Insulin resistance in Alzheimer's disease: signalling mechanisms and therapeutics strategies.

Abstract

Background: Alzheimer's disease (AD), one of the most common neurodegenerative disorders, is characterised by hallmark abnormalities such as amyloid-β plaques and neurofibrillary tangles (NFTs). Emerging evidence suggests that faulty insulin signalling contributes to these pathological features, impairing critical cellular and metabolic processes.

Objective: This review aims to elucidate the role of insulin signalling in the central nervous system (CNS) under normal and pathological conditions and to explore therapeutic approaches targeting insulin pathways in AD and other neurodegenerative diseases.

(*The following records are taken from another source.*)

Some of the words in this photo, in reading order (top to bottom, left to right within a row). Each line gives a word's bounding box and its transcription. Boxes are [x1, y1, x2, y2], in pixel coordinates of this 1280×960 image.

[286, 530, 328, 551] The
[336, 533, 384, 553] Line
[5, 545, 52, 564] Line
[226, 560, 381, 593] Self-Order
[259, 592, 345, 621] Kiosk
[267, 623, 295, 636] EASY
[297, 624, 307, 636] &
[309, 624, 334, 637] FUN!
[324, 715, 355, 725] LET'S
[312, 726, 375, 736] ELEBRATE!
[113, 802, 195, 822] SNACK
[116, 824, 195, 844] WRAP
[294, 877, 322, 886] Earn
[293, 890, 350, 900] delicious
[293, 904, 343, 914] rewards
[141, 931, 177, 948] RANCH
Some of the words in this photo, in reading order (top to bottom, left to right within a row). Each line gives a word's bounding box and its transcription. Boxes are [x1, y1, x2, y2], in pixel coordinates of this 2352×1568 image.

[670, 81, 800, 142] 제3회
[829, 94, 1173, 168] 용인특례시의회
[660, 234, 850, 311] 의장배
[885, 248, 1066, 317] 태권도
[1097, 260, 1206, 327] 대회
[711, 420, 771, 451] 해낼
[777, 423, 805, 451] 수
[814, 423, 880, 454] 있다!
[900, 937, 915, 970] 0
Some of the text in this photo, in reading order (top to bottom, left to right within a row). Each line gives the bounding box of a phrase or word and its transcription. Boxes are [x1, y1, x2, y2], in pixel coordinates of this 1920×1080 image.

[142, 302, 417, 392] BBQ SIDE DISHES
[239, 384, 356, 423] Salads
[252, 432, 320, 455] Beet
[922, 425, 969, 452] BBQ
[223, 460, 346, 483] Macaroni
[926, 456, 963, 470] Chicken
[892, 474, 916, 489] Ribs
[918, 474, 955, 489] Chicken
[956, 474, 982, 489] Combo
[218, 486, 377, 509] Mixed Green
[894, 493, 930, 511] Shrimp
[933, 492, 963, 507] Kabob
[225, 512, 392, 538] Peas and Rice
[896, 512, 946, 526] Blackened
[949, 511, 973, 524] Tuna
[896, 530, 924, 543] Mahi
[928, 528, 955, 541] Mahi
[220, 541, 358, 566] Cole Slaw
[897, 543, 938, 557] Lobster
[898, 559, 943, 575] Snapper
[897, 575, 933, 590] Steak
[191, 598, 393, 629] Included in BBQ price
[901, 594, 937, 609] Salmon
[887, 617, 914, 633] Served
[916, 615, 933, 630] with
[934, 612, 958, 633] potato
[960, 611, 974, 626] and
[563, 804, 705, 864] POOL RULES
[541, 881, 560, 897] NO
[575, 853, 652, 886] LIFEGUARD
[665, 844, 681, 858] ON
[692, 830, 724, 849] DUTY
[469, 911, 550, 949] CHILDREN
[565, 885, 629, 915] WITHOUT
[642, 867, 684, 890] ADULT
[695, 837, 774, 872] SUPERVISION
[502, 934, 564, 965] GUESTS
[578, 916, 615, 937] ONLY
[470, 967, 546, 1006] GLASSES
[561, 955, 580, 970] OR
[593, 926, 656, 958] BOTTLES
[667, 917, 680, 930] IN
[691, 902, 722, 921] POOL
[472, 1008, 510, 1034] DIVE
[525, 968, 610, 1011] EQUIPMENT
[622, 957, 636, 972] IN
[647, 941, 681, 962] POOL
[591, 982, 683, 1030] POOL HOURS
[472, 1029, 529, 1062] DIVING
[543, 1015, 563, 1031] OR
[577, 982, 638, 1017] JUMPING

Methods: We reviewed studies highlighting the involvement of insulin-signalling pathways in neuronal health, with a particular focus on the key components-IRS, PI3K, Akt, and GSK-3β-predominantly expressed in cortical and hippocampal regions.

Results: Insulin, an essential growth factor, regulates numerous cellular functions, including glucose metabolism, mitochondrial activity, oxidative stress response, autophagy, synaptic plasticity, and cognitive processes. Altered phosphorylation of signalling molecules in insulin pathways contributes to oxidative stress, inflammation, and the formation of AD hallmarks. Indirect modulators such as NF-κB and caspases further exacerbate neuronal damage, linking impaired insulin signalling to neurodegeneration.

Conclusion: Insulin signalling plays a crucial role in maintaining neuronal health and mitigating neurodegenerative processes. Targeting insulin pathways and associated molecules offers promising therapeutic avenues for AD and other neurodegenerative disorders.